Thoughts on a year of a child with a chronic illness

Maddy Cooper
4 min readMay 30, 2018

I have mixed feelings about today; the anniversary of a marathon, a reunion (and later marriage), a funeral and a diagnosis.

Nine years ago I ran the Edinburgh marathon (in record-breaking fluke Scottish heat), flew home, went out to a miniature school reunion and won myself a husband.

One year ago today, it was the wonderful Dave Cruse’s funeral. The most wonderful man and an inspiration to all fathers. He died decades longer than forecast, but decades too young, and will always be treasured.

One year ago today too, our little girl was diagnosed with type one diabetes. Diabetic ketoacidosis is quite a life-threatening big deal as it turns out, not just a bit of pre-baby-brother-itis as I mis-diagnosed her earlier signs of illness. We couldn’t understand why she deteriorated so fast; couldn’t walk properly, barely ate, struggled to breathe. The body turns to acid and starts to eat itself: https://www.diabetes.co.uk/diabetes-complications/diabetic-ketoacidosis.html

One tiny drop of blood at an out of hours bank holiday surgery and it was all concluded. Being told “Get her to paediatric A&E quickly and don’t dilly dally on the way”, then being swept into an intensive care room with nine staff awaiting your arrival with monitors and gadgets galore, was the single most terrifying hour we’ve had and, hopefully, will ever have. I’m glad I didn’t understand what was going on and no one told me she was on a heart monitor as a cardiac arrest was possible. I’m pretty sure it’s also why the WiFi in A&Es is so bad; no one wants Dr Google adding to such occasions.

I don’t recommend a hospital canteen as an anniversary venue, nor sleeping in a hospital for three nights while 38 weeks pregnant being woken every 20 minutes 24/7 for blood tests. Labour inducing perhaps but thankfully not.

We left the hospital with bags and bags of needles, medical paraphernalia and wide bleary eyes but we had no idea it was the tip of the iceberg of how difficult it would be. It’s a lifetime of rollercoastering blood glucose, alarms, emotions, behaviour and a difficult relationship with food (60% of type one girls develop eating disorders by 25). There’s no cure, no off-switch day or night, no growing out of it, and childcare options are rare.

One’s child attached to a pump, sensors and cannula stickers all the time isn’t the pure innocent image small children are supposed to have. Inserting cannula into your child every three days is painful for them and upsetting for everyone. Stabbing them with medical needles regularly is pretty jarring with the trust you spend the first years building so they understand you’re there to look after them and not hurt them. Every night after her stories I close her door and wonder if we’ll miss the low blood glucose alarms and she’ll be brain damaged and a different child by the morning. She never is, she’s bounding around first thing even if we’ve been up for her through the night to dose insulin bring her down or glucose to bring her up, but it’s a real fear in the background.

Things to be grateful for…
It’s treatable, we have the precious NHS 🙌, the technology will get much better, she won’t remember life without it and we manage it as a family (type one single parenting doesn’t bear thinking about).

Things to be useful to others…
There’s been a 20% increase in paediatric cases for each of the past two years — that’s a very high rise. Children die if it isn’t spotted early enough but it’s flipping difficult to spot and easy to misread.

It has to be on both parental sides and have an environmental trigger too, but there’s so much variance in the demographics and geographics of the families who get it that the environmental factor is a mystery but it’s lurking somewhere. Tips on how to spot it:

- Thirsty : they want to drink more (it was hotter so we didn’t notice)
- Toilet : they want to wee often (she’d just been potty trained so we didn’t know how often she weed while in nappies)
- Tired: I thought she was worried and confused about the imminent new baby so showering her with cuddles was the answer (but not as critical as insulin).
- Thinner : she became really bony within days
- Breath : the dentist dismissed me when I asked why Connie’s breath smelt funny.

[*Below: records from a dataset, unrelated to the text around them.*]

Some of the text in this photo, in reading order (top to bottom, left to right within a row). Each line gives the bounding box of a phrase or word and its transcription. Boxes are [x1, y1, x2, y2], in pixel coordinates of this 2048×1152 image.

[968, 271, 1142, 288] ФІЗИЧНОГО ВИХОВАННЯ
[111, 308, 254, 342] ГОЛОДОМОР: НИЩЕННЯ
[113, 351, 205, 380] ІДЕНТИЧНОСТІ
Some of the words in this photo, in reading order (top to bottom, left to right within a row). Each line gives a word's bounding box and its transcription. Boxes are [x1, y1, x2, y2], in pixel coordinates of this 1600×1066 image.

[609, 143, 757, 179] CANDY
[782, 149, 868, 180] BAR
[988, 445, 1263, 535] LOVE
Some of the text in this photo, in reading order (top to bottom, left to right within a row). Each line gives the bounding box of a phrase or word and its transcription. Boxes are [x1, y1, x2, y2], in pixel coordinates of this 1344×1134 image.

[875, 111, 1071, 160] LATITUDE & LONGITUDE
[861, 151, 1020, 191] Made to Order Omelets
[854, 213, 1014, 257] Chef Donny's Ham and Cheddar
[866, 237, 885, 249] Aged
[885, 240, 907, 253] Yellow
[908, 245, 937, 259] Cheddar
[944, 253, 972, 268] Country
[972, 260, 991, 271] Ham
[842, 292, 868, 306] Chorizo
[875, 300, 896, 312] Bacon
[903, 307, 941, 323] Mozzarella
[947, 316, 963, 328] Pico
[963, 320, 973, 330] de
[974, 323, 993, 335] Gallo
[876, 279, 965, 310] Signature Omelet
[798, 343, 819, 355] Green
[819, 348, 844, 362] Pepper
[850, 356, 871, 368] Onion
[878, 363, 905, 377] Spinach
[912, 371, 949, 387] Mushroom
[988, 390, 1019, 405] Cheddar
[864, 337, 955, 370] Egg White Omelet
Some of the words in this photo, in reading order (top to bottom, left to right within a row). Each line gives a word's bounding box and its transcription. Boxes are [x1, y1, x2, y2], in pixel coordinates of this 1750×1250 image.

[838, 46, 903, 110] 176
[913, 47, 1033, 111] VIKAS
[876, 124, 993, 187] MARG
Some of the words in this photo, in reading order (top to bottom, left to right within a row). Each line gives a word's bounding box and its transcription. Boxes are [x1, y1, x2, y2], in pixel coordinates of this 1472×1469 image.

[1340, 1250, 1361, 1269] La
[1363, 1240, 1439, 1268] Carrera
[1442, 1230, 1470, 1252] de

If you notice a child with a combination of these symptoms is definitely worth a check; and be extra mindful if any combination of autoimmune conditions (thyroid issues, coeliac or diabetes) are on both parental sides.

It’s been by far the worst year we’ve known (other than Bertie’s arrival and cheery chubby role in our lives) but we’ve all come a very long way. Connie is the bravest, strongest child I’ve met and I’m overwhelmingly proud of her. Most children are brave and adaptable — children with conditions like type one diabetes and worse really are incredible. It’ll always be a nuisance I’d do anything to take away for her but it’s making her even stronger and more determined.

All children and newborns are amazing but difficult and sometimes tiring. Parents with children with chronic illnesses or psychological challenges do have a different time. Hats off to any of you with extra child challenges.

Thank you Cheony and Andy for seeing the difference in how she’d deteriorated and prompt us to take her to be checked, as another day could have been too late. Thank you, family and friends, for your ongoing support and care.

Finally, please think carefully about how to you vote to protect our precious NHS. Families in America have a shocking time.